▶ **Your instructions**: Output the data that follows, keeping every line identical.

▶ **Dataset extract**:
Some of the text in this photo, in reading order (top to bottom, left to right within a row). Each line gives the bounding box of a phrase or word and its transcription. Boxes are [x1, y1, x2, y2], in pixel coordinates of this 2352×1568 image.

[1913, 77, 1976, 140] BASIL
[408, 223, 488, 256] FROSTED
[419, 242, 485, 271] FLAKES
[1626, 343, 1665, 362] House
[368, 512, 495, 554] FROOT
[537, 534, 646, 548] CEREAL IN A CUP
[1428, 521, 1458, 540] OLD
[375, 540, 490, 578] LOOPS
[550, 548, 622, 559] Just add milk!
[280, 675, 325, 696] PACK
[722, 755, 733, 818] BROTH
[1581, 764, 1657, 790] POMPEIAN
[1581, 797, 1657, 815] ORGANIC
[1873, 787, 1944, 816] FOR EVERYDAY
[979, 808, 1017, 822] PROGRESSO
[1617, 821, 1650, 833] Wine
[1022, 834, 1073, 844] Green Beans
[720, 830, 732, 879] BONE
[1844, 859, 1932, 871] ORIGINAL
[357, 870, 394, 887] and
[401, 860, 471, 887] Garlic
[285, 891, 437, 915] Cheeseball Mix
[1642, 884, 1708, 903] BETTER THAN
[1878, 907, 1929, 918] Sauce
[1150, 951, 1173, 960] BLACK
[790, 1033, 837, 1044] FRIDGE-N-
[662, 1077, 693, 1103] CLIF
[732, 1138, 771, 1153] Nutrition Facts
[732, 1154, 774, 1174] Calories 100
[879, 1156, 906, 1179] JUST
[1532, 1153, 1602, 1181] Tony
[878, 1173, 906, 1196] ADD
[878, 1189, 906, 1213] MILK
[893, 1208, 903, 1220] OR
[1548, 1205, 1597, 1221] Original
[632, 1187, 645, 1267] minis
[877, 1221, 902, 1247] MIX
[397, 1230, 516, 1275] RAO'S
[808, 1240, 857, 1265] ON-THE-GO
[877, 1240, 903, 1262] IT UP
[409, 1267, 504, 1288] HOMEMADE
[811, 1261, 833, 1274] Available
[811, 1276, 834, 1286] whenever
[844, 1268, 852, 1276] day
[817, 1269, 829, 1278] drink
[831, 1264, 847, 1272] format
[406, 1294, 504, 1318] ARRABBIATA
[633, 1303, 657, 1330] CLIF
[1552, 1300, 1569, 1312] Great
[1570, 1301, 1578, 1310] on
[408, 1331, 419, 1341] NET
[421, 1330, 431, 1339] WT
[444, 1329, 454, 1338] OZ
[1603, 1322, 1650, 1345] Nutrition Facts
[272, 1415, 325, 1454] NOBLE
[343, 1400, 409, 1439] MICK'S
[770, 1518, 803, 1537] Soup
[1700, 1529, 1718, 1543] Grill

▶ **Solution for this task**:
Some of the text in this photo, in reading order (top to bottom, left to right within a row). Each line gives the bounding box of a phrase or word and its transcription. Boxes are [x1, y1, x2, y2], in pixel coordinates of this 2352×1568 image.

[1913, 77, 1976, 140] BASIL
[408, 223, 488, 256] FROSTED
[419, 242, 485, 271] FLAKES
[1626, 343, 1665, 362] House
[368, 512, 495, 554] FROOT
[537, 534, 646, 548] CEREAL IN A CUP
[1428, 521, 1458, 540] OLD
[375, 540, 490, 578] LOOPS
[550, 548, 622, 559] Just add milk!
[280, 675, 325, 696] PACK
[722, 755, 733, 818] BROTH
[1581, 764, 1657, 790] POMPEIAN
[1581, 797, 1657, 815] ORGANIC
[1873, 787, 1944, 816] FOR EVERYDAY
[979, 808, 1017, 822] PROGRESSO
[1617, 821, 1650, 833] Wine
[1022, 834, 1073, 844] Green Beans
[720, 830, 732, 879] BONE
[1844, 859, 1932, 871] ORIGINAL
[357, 870, 394, 887] and
[401, 860, 471, 887] Garlic
[285, 891, 437, 915] Cheeseball Mix
[1642, 884, 1708, 903] BETTER THAN
[1878, 907, 1929, 918] Sauce
[1150, 951, 1173, 960] BLACK
[790, 1033, 837, 1044] FRIDGE-N-
[662, 1077, 693, 1103] CLIF
[732, 1138, 771, 1153] Nutrition Facts
[732, 1154, 774, 1174] Calories 100
[879, 1156, 906, 1179] JUST
[1532, 1153, 1602, 1181] Tony
[878, 1173, 906, 1196] ADD
[878, 1189, 906, 1213] MILK
[893, 1208, 903, 1220] OR
[1548, 1205, 1597, 1221] Original
[632, 1187, 645, 1267] minis
[877, 1221, 902, 1247] MIX
[397, 1230, 516, 1275] RAO'S
[808, 1240, 857, 1265] ON-THE-GO
[877, 1240, 903, 1262] IT UP
[409, 1267, 504, 1288] HOMEMADE
[811, 1261, 833, 1274] Available
[811, 1276, 834, 1286] whenever
[844, 1268, 852, 1276] day
[817, 1269, 829, 1278] drink
[831, 1264, 847, 1272] format
[406, 1294, 504, 1318] ARRABBIATA
[633, 1303, 657, 1330] CLIF
[1552, 1300, 1569, 1312] Great
[1570, 1301, 1578, 1310] on
[408, 1331, 419, 1341] NET
[421, 1330, 431, 1339] WT
[444, 1329, 454, 1338] OZ
[1603, 1322, 1650, 1345] Nutrition Facts
[272, 1415, 325, 1454] NOBLE
[343, 1400, 409, 1439] MICK'S
[770, 1518, 803, 1537] Soup
[1700, 1529, 1718, 1543] Grill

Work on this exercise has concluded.